PBB: 90% Pelaku Pembunuhan Jurnalis Tidak Diadili
NEW YORK, SATUHARAPAN.COM- "Tanpa wartawan yang melakukan pekerjaan mereka dengan aman, kami menghadapi prospek dunia dalam kebingungan dan disinformasi", Sekretaris Jenderal PBB, Antonio Guterres, dalam sebuah pernyataan terkait Hari Internasional untuk Mengakhiri Impunitas Melawan Jurnalis pada 2 November.
"Ketika jurnalis menjadi target (kejahatan), masyarakat secara keseluruhan membayar harganya", katanya, dalam situs PBB. “Tanpa kemampuan untuk melindungi jurnalis, kemampuan kita untuk tetap mendapat informasi dan berkontribusi dalam pengambilan keputusan, sangat terhambat”.
Sebuah studi dari Organisasi PBB untuk Pendidikan, Ilmu Pengetahuan dan Kebudayaan (UNESCO) menegaskan tentang risiko yang dihadapi wartawan, menunjukkan bahwa hampir 90 persen pelaku kejahatan pada wartawan belum dihukum. Hal ini menyangkut mereka yang bertanggung jawab atas meninggalnya lebih dari 1.100 jurnalis dalam kurun tahun 2006 dan 2018.
Laporan yang berjudul: "Serangan Intensifikasi, Pertahanan Baru", juga mencatat bahwa pembunuhan terhadap jurnalis meningkat sekitar 18 persen dalam lima tahun terakhir (2014-2018), dibandingkan dengan periode lima tahun sebelumnya.
Sedangkan negara yang tercatat paling mematikan bagi jurnalis, menurut statistik, adalah negara-negara Arab, tempat hampir sepertiga pembunuhan terjadi. Wilayah Amerika Latin dan Karibia (26 persen), dan negara-negara Asia dan Pasifik (24 persen) adalah yang paling berbahaya berikutnya.

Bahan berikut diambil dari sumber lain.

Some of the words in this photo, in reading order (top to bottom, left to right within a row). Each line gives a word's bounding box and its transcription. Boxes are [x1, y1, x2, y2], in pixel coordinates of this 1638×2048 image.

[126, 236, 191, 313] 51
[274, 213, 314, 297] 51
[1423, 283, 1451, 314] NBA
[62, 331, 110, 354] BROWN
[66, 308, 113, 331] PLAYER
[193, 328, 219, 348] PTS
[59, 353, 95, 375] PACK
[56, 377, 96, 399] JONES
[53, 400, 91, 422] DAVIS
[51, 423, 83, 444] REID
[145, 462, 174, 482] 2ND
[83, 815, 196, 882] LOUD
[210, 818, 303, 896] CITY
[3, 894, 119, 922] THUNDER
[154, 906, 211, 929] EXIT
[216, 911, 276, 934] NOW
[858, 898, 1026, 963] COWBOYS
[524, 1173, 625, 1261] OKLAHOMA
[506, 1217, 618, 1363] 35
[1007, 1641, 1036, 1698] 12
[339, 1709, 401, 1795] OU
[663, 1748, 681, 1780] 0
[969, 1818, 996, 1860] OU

Wartawan sering dibunuh karena menyampaikan melaporkan politik, kejahatan dan korupsi, yang tercermin dalam penelitian tersebut. Dan diungkapkan bahwa dalam dua tahun terakhir (2017-2018), lebih dari setengah kematian jurnalis berada di zona non-konflik.
Gutteres mengatakan, kenaikan skala dan jumlah serangan terhadap jurnalis dan pekerja media, serta insiden yang membuat pekerjaan mereka jauh lebih sulit. Hal ini termasuk ancaman penuntutan, penangkapan, pemenjaraan, penolakan akses jurnalistik dan kegagalan dalam menyelidiki dan menuntut pelaku kejahatan terhadap jurnalis
Salah satunya adalah pembunuhan jurnalis Malta, Daphne Caruana Galizia, pada 2017. Pakar independen HAM PBB, Agnès Callamard, yang mengikuti kasus ini menyatakan bahwa terlalu sedikit yang dilakukan otoritas Malta untuk menyelidiki kasus pembunuhan tersebut.

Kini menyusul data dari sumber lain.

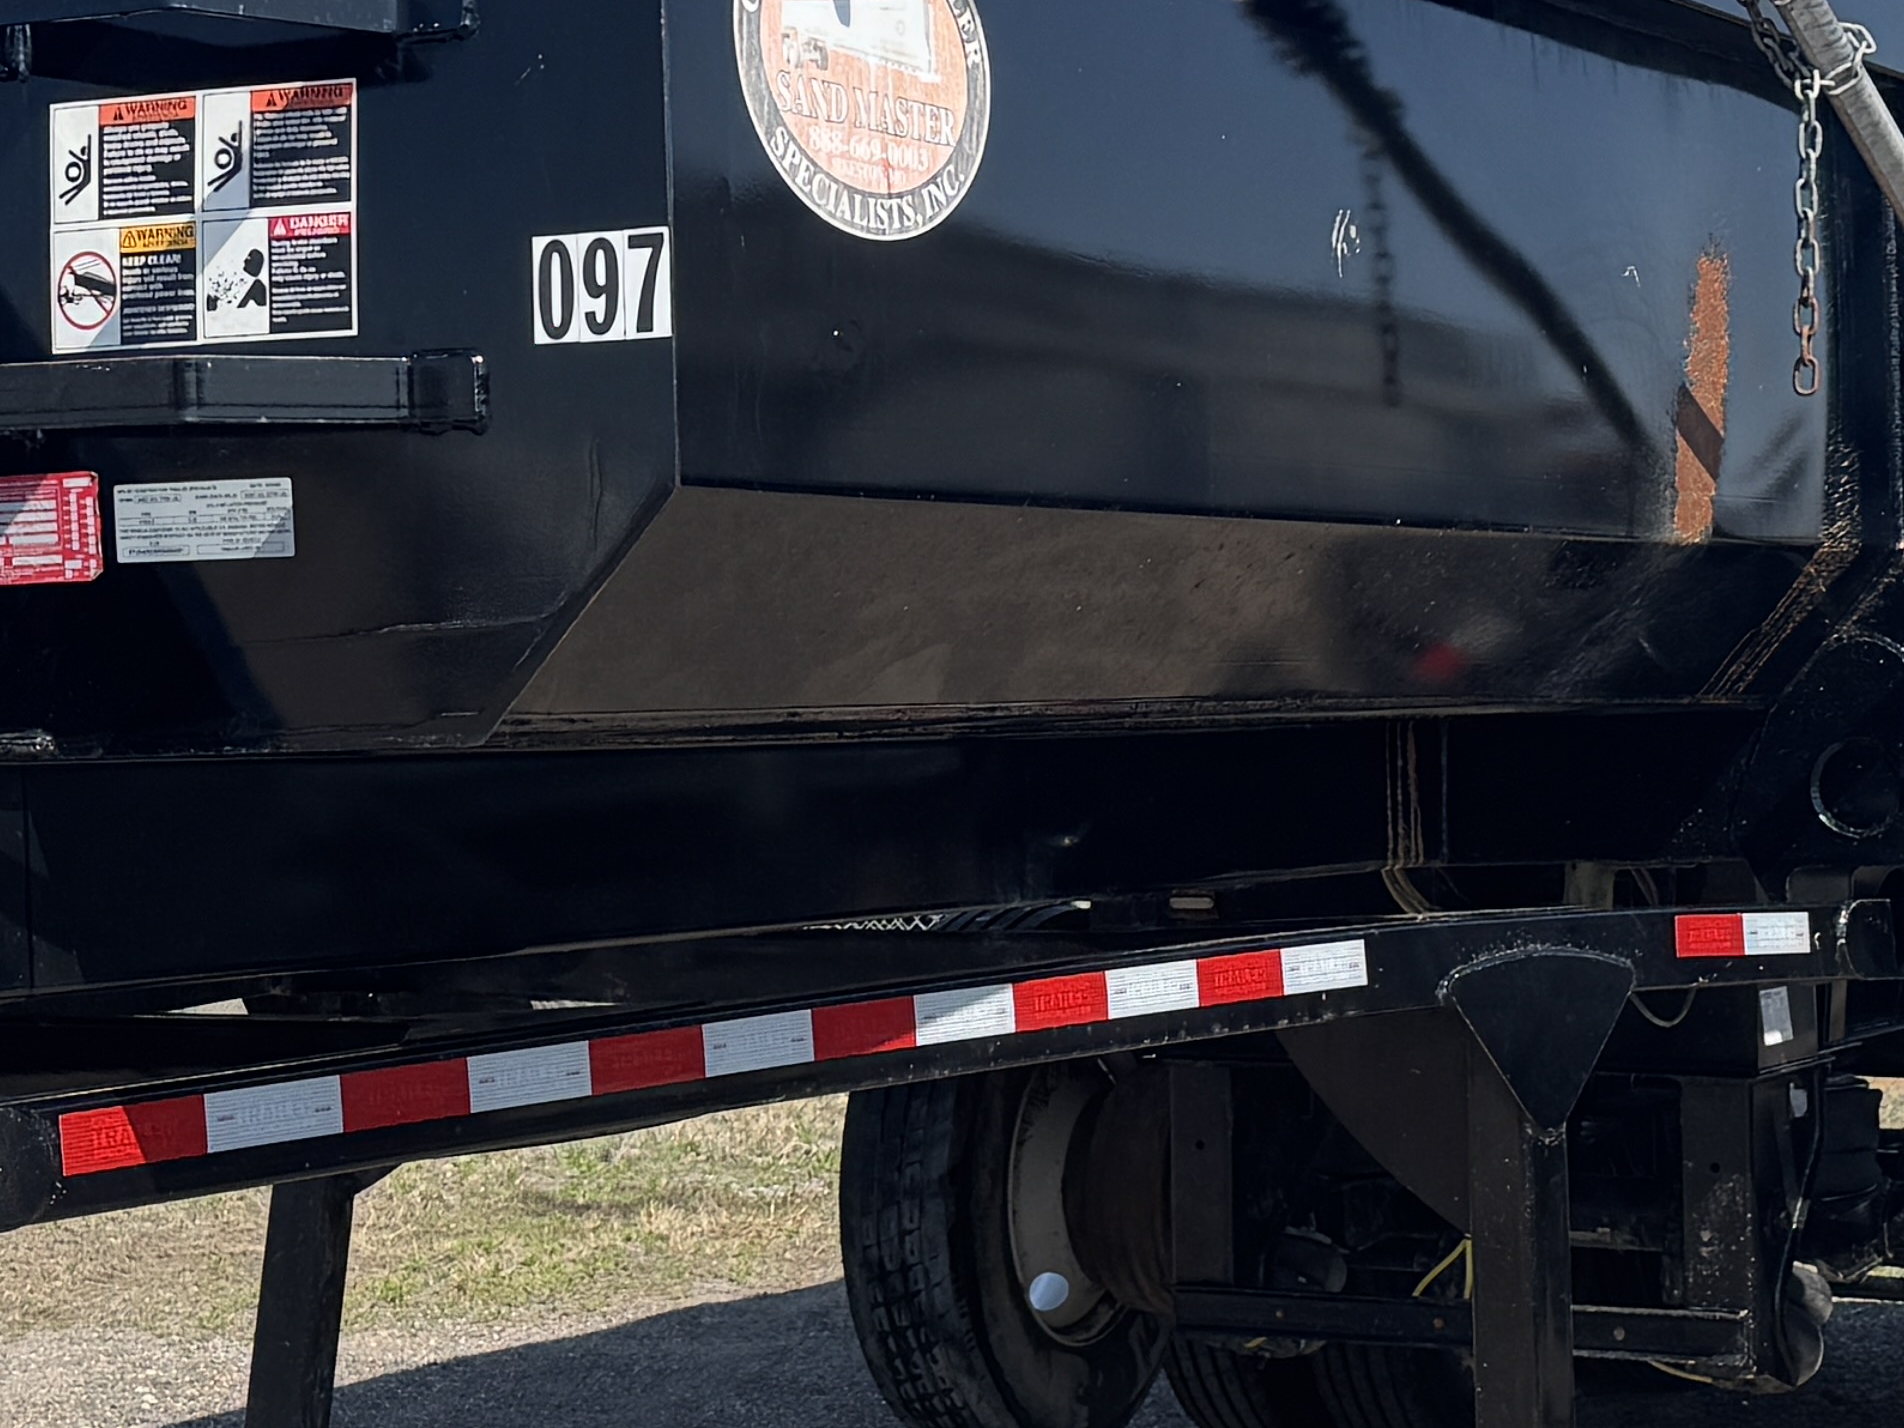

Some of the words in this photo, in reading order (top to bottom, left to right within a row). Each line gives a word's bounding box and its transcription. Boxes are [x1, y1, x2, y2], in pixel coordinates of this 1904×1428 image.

[125, 99, 187, 115] WARNING
[776, 70, 849, 123] SAND
[853, 87, 957, 147] MASTER
[771, 126, 923, 230] SPECIALISTS,
[922, 164, 965, 218] INC.
[136, 224, 194, 241] WARNING
[538, 232, 664, 340] 097

Tahun ini UNESCO meluncurkan kampanye di media sosial #KeepTruthAlive. Tujuannya menarik perhatian tentang bahaya yang dihadapi oleh wartawan di sekitar mereka. Ini menyoroti fakta bahwa 93 persen dari jurnalis yang meninggal bekerja secara lokal. Namun kampanye ini juga mengingatkan skala dan luasnya bahaya tersebut.
Kampanye ini juga dilengkapi dengan pameran kartun pers bertajuk: “Draw so as not to write them off” (Gambarlah agar tidak dihapuskan) di markas besar PBB di New York untuk menghormati wartawan Perancis Ghislaine Dupont dan Claude Verlon yang dibunuh di Mali pada 2 November 2013.
Editor : Sabar Subekti
Prasasti Batu Tertua Bertuliskan Sepuluh Perintah Tuhan Terj...
NEW YORK, SATUHARAPAN.COM-Prasasti batu tertua yang diketahui yang bertuliskan Sepuluh Perintah Tuha...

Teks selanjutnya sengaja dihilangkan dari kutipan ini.